The opinions in certain decisions of the Supreme People’s Court in relevant cases and the opinions of the high people’s courts of certain provinces and municipalities are inclined to believe that “the disputes involving administrative planning, licensing, penalty, management and supervision, and other administrative functions are administrative legal relations; the disputes where contracts represent specifically the rights, obligations and breaching liabilities between the parties are civil legal relations”. As such, in a case where the government terminates a franchise agreement, remedy for the investor may be achieved through administrative law or civil law generally based on the claims of the investor. In certain cases, the selection of proper legal remedies can help an investor recover huge property losses.
Legal remedies for protection of investor’s interest. Generally, there are factual and legal bases for the decisions of the competent authority for environmental administration on administrative penalty, orders to correct illegal acts, and consecutive daily penalties if the sewage-treatment plant is guilty of environmental violations. When only dealing with environmental administrative legal liabilities, it is difficult for the sewage-treatment plant to request that the administrative review agency or the court revoke the decision on the administrative penalty. As an environmental infrastructure, the sewage-treatment plant involves public interest and cannot be shut down. It is more difficult to return it to the investor’s control and operation when the government and other operating enterprises actually take over and implement security. In such a case, if the investor is dissatisfied with the administration, supervision and government’s recovery of the franchise right, it should resolve such an issue through an administrative review and procedure.
However, if the investor believes the government must bear the civil legal liability for compensation or indemnification for its breach of contract (default in payment of sewage-treatment fees, refusing to close for maintenance, resulting in losses of long-term overload operation of facilities and equipment), he/she may seek commercial arbitration from the arbitration institution, based on the arbitration clause or agreement stipulated in the franchise deal. If there is no such arbitration clause or agreement in the franchise deal, the investor may file a civil lawsuit with the people’s court for legal remedy.

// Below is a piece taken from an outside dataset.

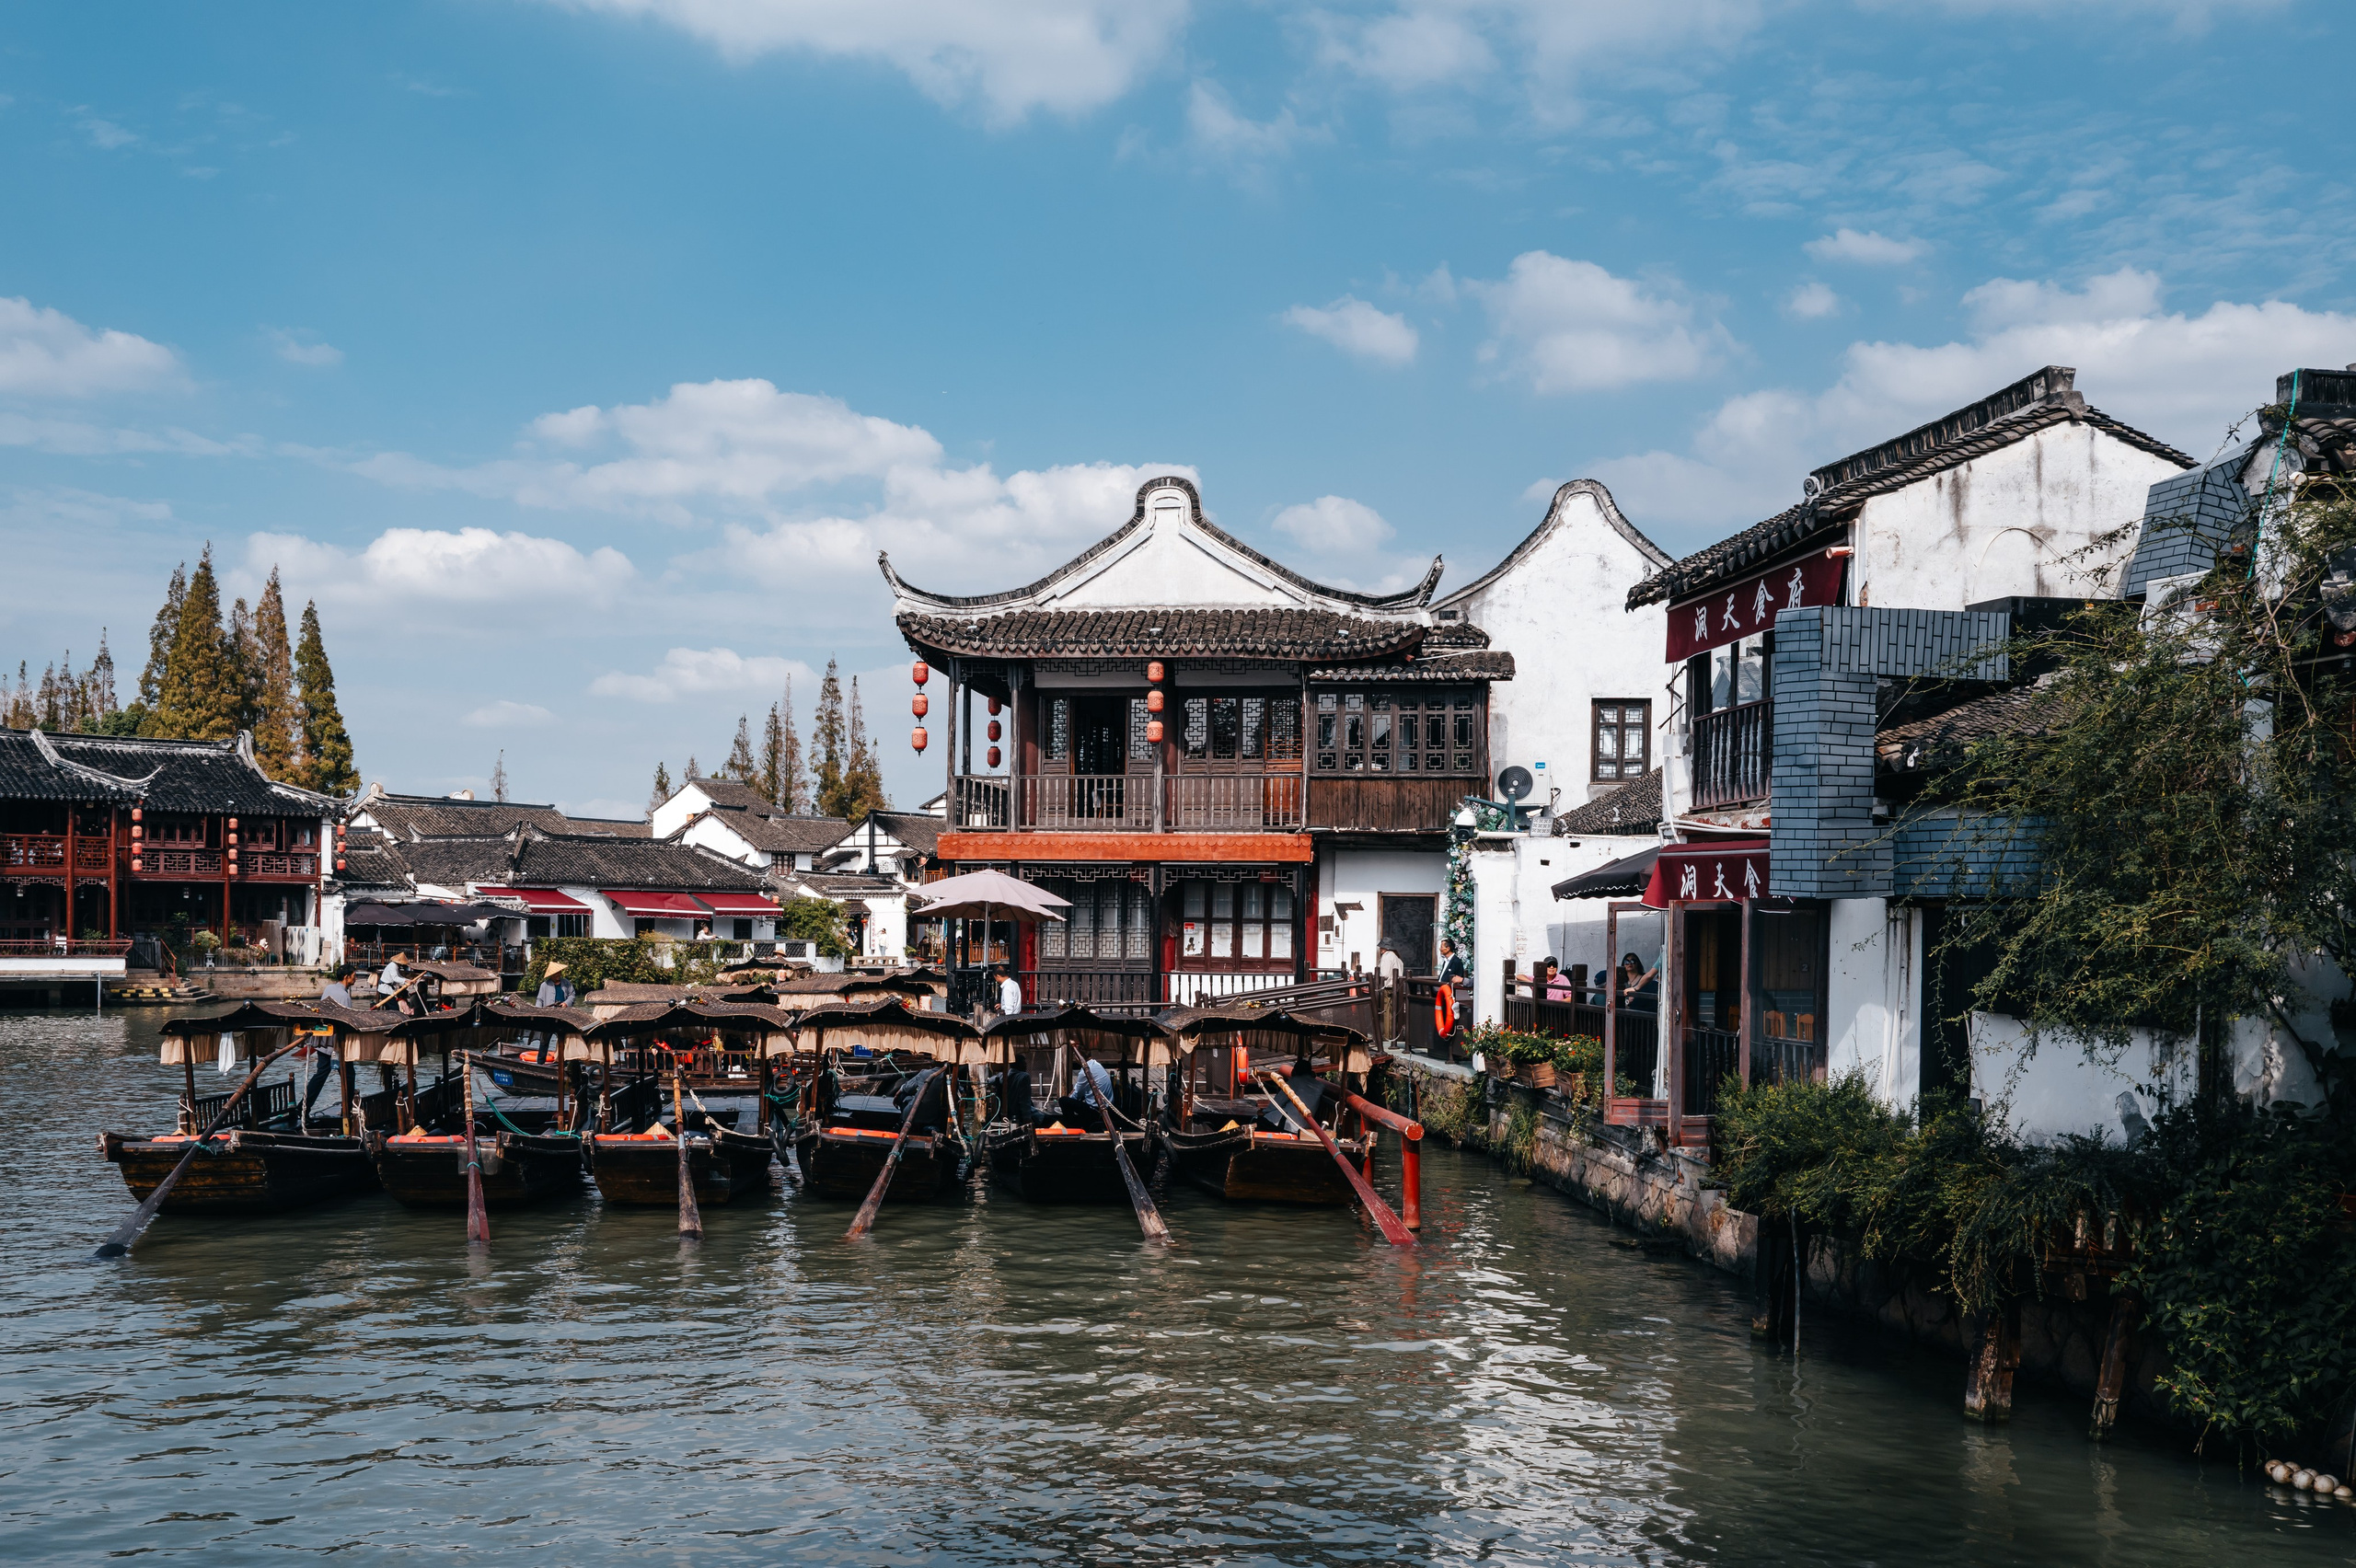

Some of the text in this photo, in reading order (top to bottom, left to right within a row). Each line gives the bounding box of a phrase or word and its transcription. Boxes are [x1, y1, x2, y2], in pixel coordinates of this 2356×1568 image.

Potential dispute over TOT franchise deal of sewage-treatment plant. The sewage-treatment plant is responsible for intercepting purifying upstream sewage. The effect of its operation is to control environmental pollution and directly not to generate, discharge or add pollution. This means the plant is a pollution-control enterprise rather than a sewage-discharge enterprise. The effluent water the plant produces through purification of the sewage depends on three main factors, i.e., degree of pollution of the upstream water, the matching of the influent water volume and the designed sewage-treatment capacity, as well as the repair and maintenance levels of the facilities and equipment.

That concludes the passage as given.